A further concern relating to the use of formulae derived from skeletal size in deceased children for age estimation is mortality bias. The growth of children who die prematurely may not be representative of their living counterparts as children who experience stunted growth also have a greater probability of dying. As a result, skeletal samples tend to include a disproportionate number of stunted children [51]. Consequently, the formulae provided here may reflect an overestimation of the growth deficit in an already deprived population. This will be less of a concern in archaeological remains, since in this case children will also have died prematurely from natural causes, whereas child remains in forensic investigations are found more commonly in circumstances where a violent death has occurred.

For reasons similar to those discussed above, Facchini and Veschi’s [23] and Rissech and coworkers’ [2426] formulae will not provide reliable estimates of age in modern immature skeletal remains from Western Europe, and in particular from the Iberian Peninsula as argued by Rissech and coworkers [25]. Rissech and coworkers [25] assert that their formulae are valid for forensic age estimation in modern children because they did not detect delayed growth in their series compared with modern growth models. They further argued that the homogeneity observed in the maximum length of the adult femur, between their series and the Spanish documented skeletal collection of the Universidad Autonoma de Barcelona (UAB) [24] implied a lack of growth deficit in their subadult series. However the adults in the UAB collection were born between 1892 and 1959 [24], making them of the same birth cohort of the Lisbon collection children. As a result, they are likely to have experienced similar deficit during growth as the Lisbon sample, resulting in smaller adult size than would have been attained in modern adults. Given the secular effects discussed above, European children are considerably taller today than they were 50 or 100 years ago. Spanish children, in particular, are among the Europeans who have experienced the greatest secular increase in height since the middle of the twentieth century, about 2.4 cm/decade [48, 52]. Unfortunately, Rissech and coworkers’ [2426] have incorrectly asserted their samples as appropriate for use in a modern Iberian or Western European forensic context.
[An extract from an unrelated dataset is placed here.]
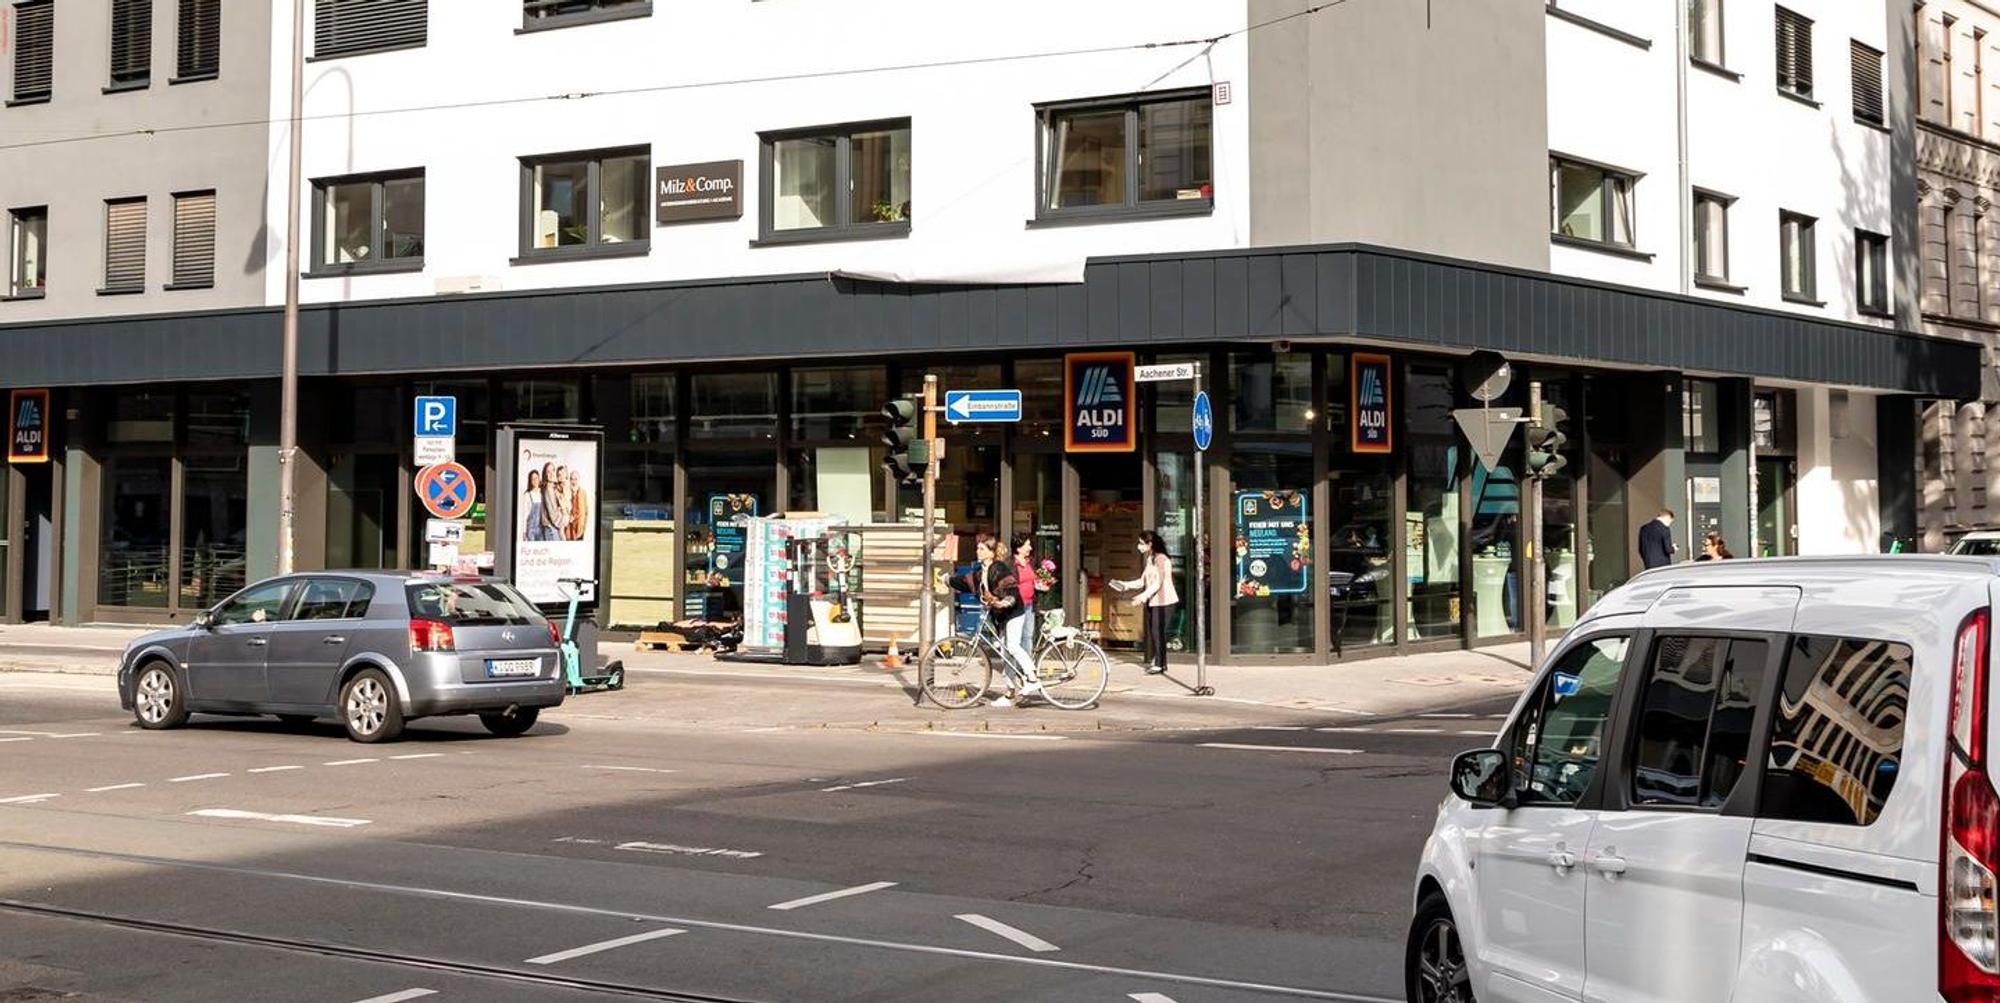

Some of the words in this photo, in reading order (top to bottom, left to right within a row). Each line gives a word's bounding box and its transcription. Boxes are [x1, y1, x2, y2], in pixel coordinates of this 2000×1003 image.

This provides a cautionary note against assumptions of temporal continuity in skeletal growth in populations when using cemetery collections of identified human skeletons to represent present-day populations, as secular trends must be considered.

Conclusions

The long bone lengths collected in this study are derived from one of the largest assemblages of known sex and age immature skeletons presently available, not only in terms of overall size but because the entire age range is reasonably well represented. Analysis of these data demonstrates that inverse calibration is an inappropriate approach for developing age estimation formulae and that it should be abandoned when modeling age and a skeletal indicator of age, even in immature skeletal remains. The classical calibration models presented here provide a series of new formulae for age estimation from the diaphyseal length of the long bones that can be potentially used in a variety of contexts. The long bone growth rates in the study sample are lower than those of the modern Western industrialized nations which have undergone considerable secular change because of improved living standards. As a result, the formulae cannot be reliably applied to forensic cases involving recent children, but can possibly provide the best available estimates when children from developing countries are involved or children from poor communities in developed nations. The formulae can also be used in archaeological populations where long bone growth rates in children are similar those in England in the eighteenth to nineteenth centuries and Portugal in the early twentieth century. Previously published formulae for age estimation from long bone lengths have provided unsatisfying results due to failure to consider secular trends and inappropriate statistical treatment of data.